Crise Au Mali, RÉsister À La Tentation Des Recettes Politiques UsÉes

Alors que cinq chefs d’État foulent le sol malien pour renforcer la médiation entreprise par la Cedeao, il n’est pas inutile de rappeler que les compromis politiques hâtifs ont nourri depuis de nombreuses années l’aggravation du fossé entre les citoyens d’une part, les gouvernants et les élus de l’autre. Sans une prise en compte explicite des aspirations des populations de ce vaste pays à un changement visible des pratiques politiques et de la gestion des affaires publiques, aucun gouvernement d’union nationale assorti de quelques correctifs institutionnels circonstanciels ne saurait faire office de solution.

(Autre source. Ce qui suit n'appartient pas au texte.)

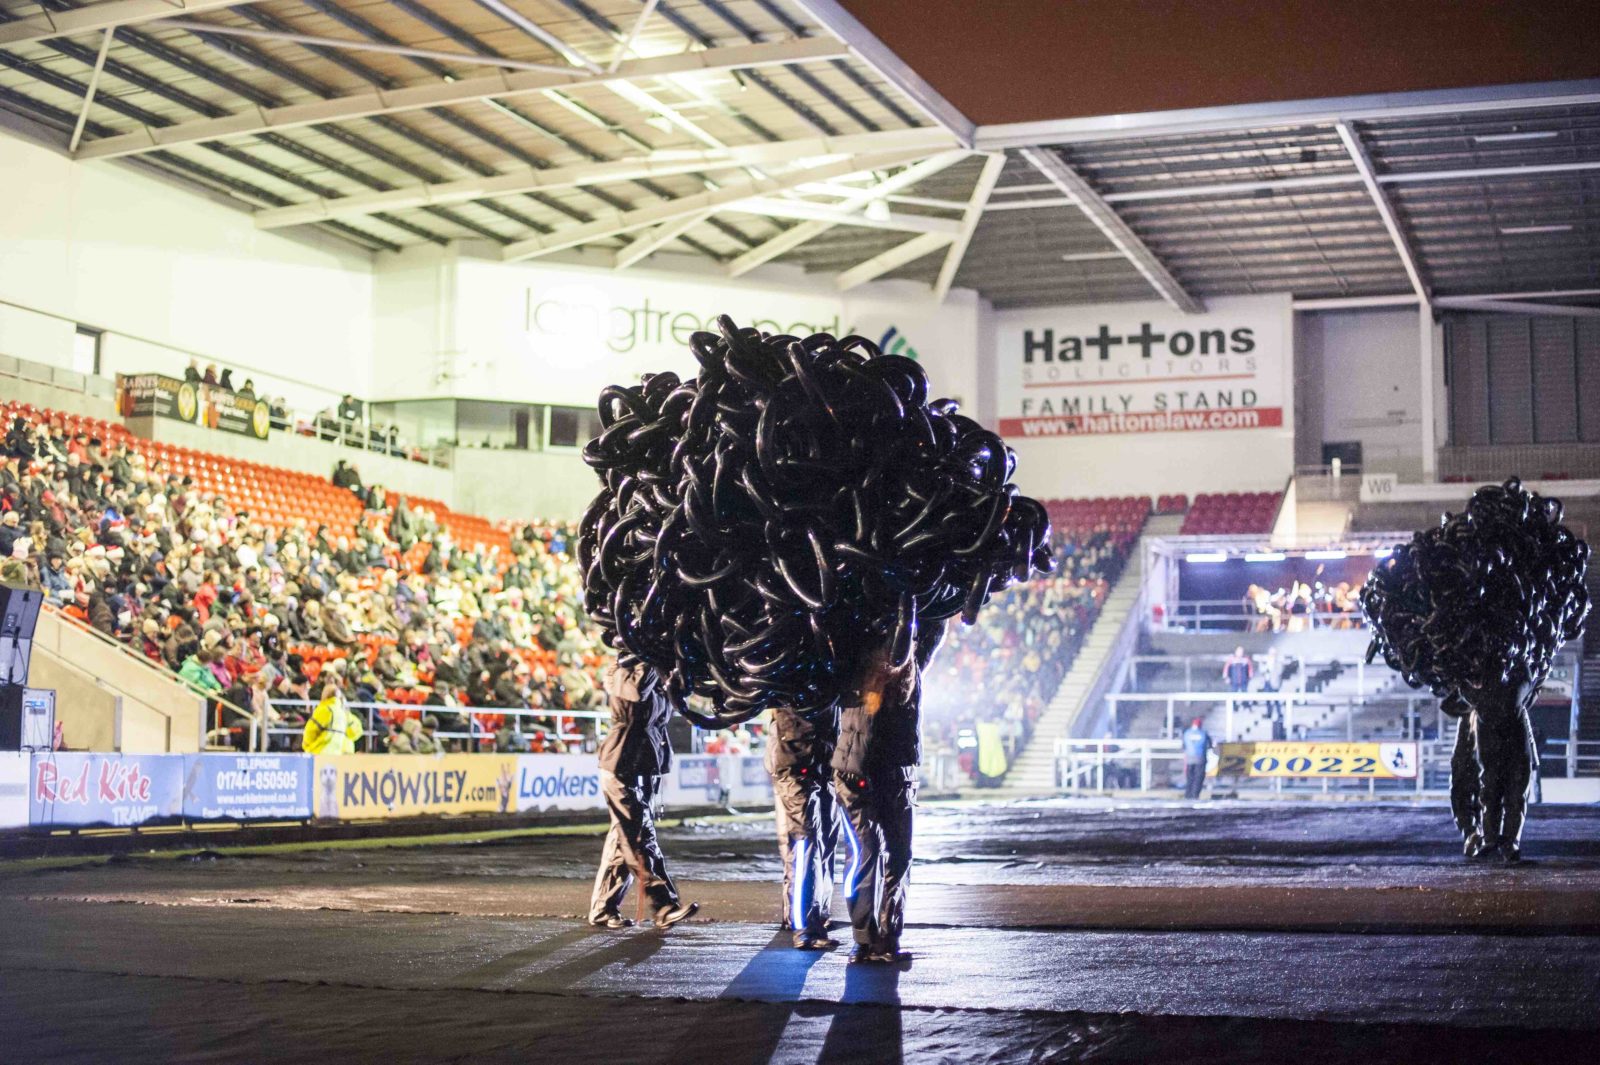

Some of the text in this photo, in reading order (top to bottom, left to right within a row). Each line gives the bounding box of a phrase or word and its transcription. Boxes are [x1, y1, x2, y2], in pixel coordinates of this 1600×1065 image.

[1022, 357, 1257, 381] SOLICITORS
[1022, 389, 1258, 417] FAMILY STAND
[1022, 409, 1259, 436] www.hattonslaw.com
[1368, 478, 1392, 494] W6
[1222, 756, 1376, 773] 20022
[37, 761, 90, 804] Red
[99, 760, 151, 802] Kite
[217, 771, 298, 790] 01744-850505
[519, 767, 599, 799] Lookers

Nous avons collaboré il y a quelques mois à l’organisation d’une série d’ateliers de réflexion sur l’économie politique au Burkina Faso, au Niger et au Mali. Nous avons écouté dans chacun de ces trois pays du Sahel des représentants de partis, d’organisations de la société civile, de mouvements citoyens et d’analystes décrire les pratiques politiques réelles, indissociables des pratiques économiques, sociales et culturelles. Nous avons essayé de dégager de ces échanges une compréhension plus fine des véritables sources du pouvoir politique, des mécanismes d’émergence des leaders, des rapports entre les élus et leurs bases électorales et des implications des pratiques politiques réelles dans le fonctionnement et la gouvernance démocratiques.

Crise de confiance

Le constat des acteurs était unanime au moins sur un point : la crise de confiance entre les populations et ceux qui sont censés les représenter et défendre leurs intérêts est profonde, et dangereuse, dans les trois pays. Avec, certes, des variations dans les manifestations de cette crise d’un pays à l’autre. Au Mali, sur un terreau d’insécurité, avec des violences qui se sont aggravées depuis huit ans, la stabilité politique est aujourd’hui menacée malgré la multiplication des initiatives internationales.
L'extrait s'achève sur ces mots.